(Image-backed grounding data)
+ + + + + + +

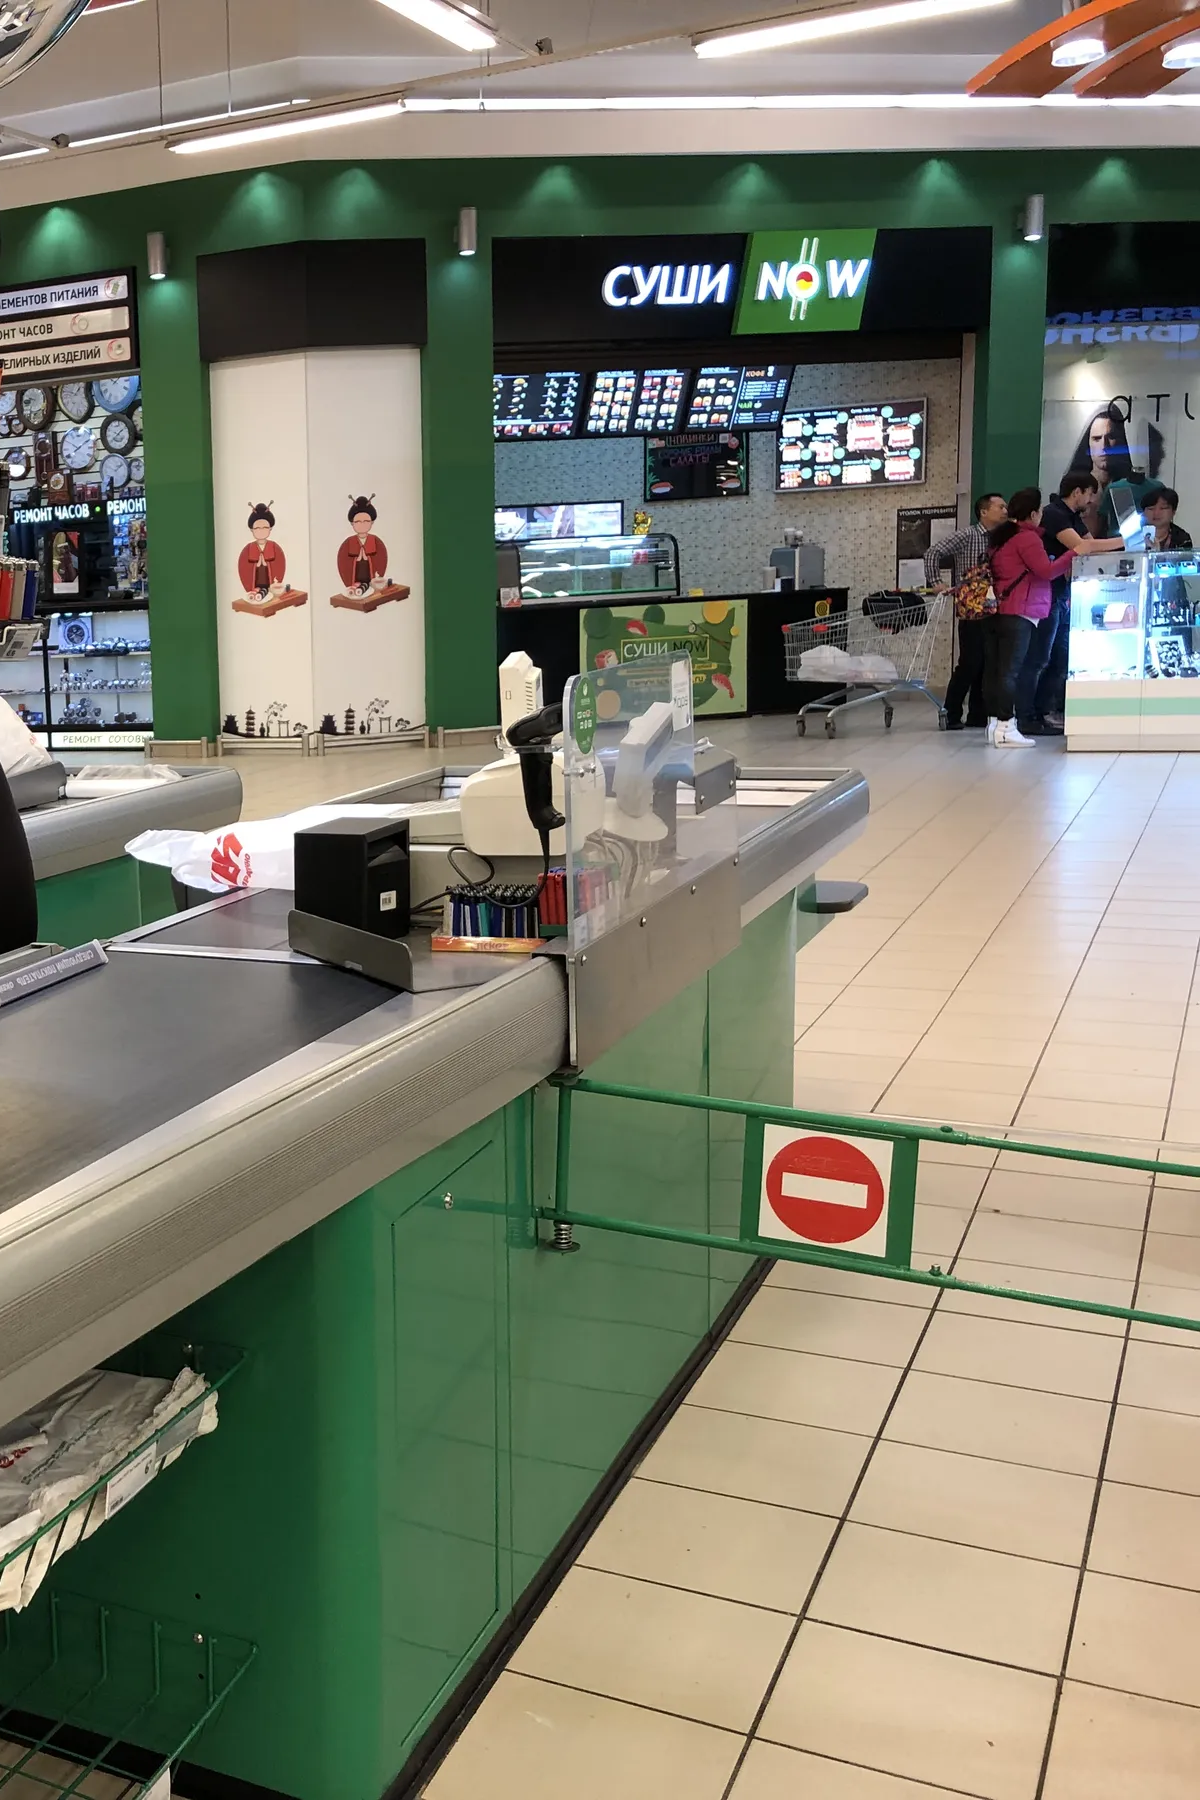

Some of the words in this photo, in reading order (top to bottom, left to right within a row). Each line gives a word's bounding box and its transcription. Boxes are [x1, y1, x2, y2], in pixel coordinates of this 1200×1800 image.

[602, 261, 731, 307] СУШИ
[755, 256, 870, 304] NOW
[50, 285, 99, 303] ПИТАНИЯ
[19, 323, 54, 337] ЧАСОВ
[53, 345, 101, 364] ИЗДЕЛИЙ
[13, 506, 53, 524] РЕМОНТ
[54, 503, 90, 520] ЧАСОВ
[623, 642, 668, 658] СУШИ
[672, 639, 708, 654] NOW
[62, 735, 101, 744] РЕМОНТ
[54, 950, 95, 975] СЛЕДУЮЩИЙ
[16, 963, 57, 986] ПОКУПАТЕЛЬ
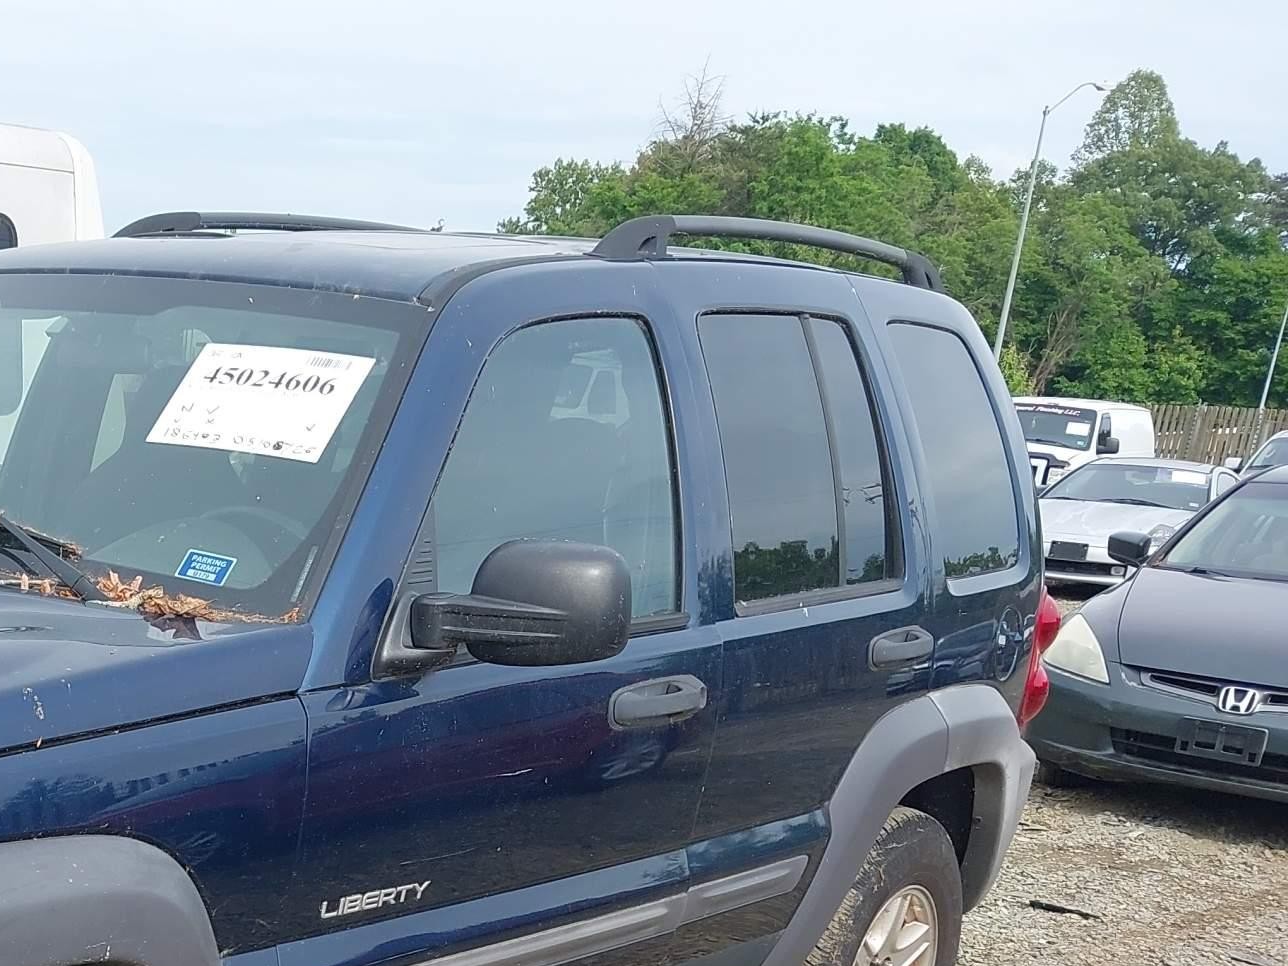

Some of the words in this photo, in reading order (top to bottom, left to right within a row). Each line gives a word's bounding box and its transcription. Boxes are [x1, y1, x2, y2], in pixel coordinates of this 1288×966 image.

[203, 366, 337, 395] 45024606
[190, 561, 221, 573] PERMIT
[192, 554, 227, 567] PARKING
[320, 880, 432, 919] LIBERTY

+ + + + + + +

Exercise — Word for word, print all of the data; skip the pictures.

Expected answer —
Some of the words in this photo, in reading order (top to bottom, left to right within a row). Each line gives a word's bounding box and its transcription. Boxes are [x1, y1, x2, y2], in pixel coordinates of this 1200×1800 image.

[602, 261, 731, 307] СУШИ
[755, 256, 870, 304] NOW
[50, 285, 99, 303] ПИТАНИЯ
[19, 323, 54, 337] ЧАСОВ
[53, 345, 101, 364] ИЗДЕЛИЙ
[13, 506, 53, 524] РЕМОНТ
[54, 503, 90, 520] ЧАСОВ
[623, 642, 668, 658] СУШИ
[672, 639, 708, 654] NOW
[62, 735, 101, 744] РЕМОНТ
[54, 950, 95, 975] СЛЕДУЮЩИЙ
[16, 963, 57, 986] ПОКУПАТЕЛЬ

Some of the words in this photo, in reading order (top to bottom, left to right within a row). Each line gives a word's bounding box and its transcription. Boxes are [x1, y1, x2, y2], in pixel coordinates of this 1288×966 image.

[203, 366, 337, 395] 45024606
[190, 561, 221, 573] PERMIT
[192, 554, 227, 567] PARKING
[320, 880, 432, 919] LIBERTY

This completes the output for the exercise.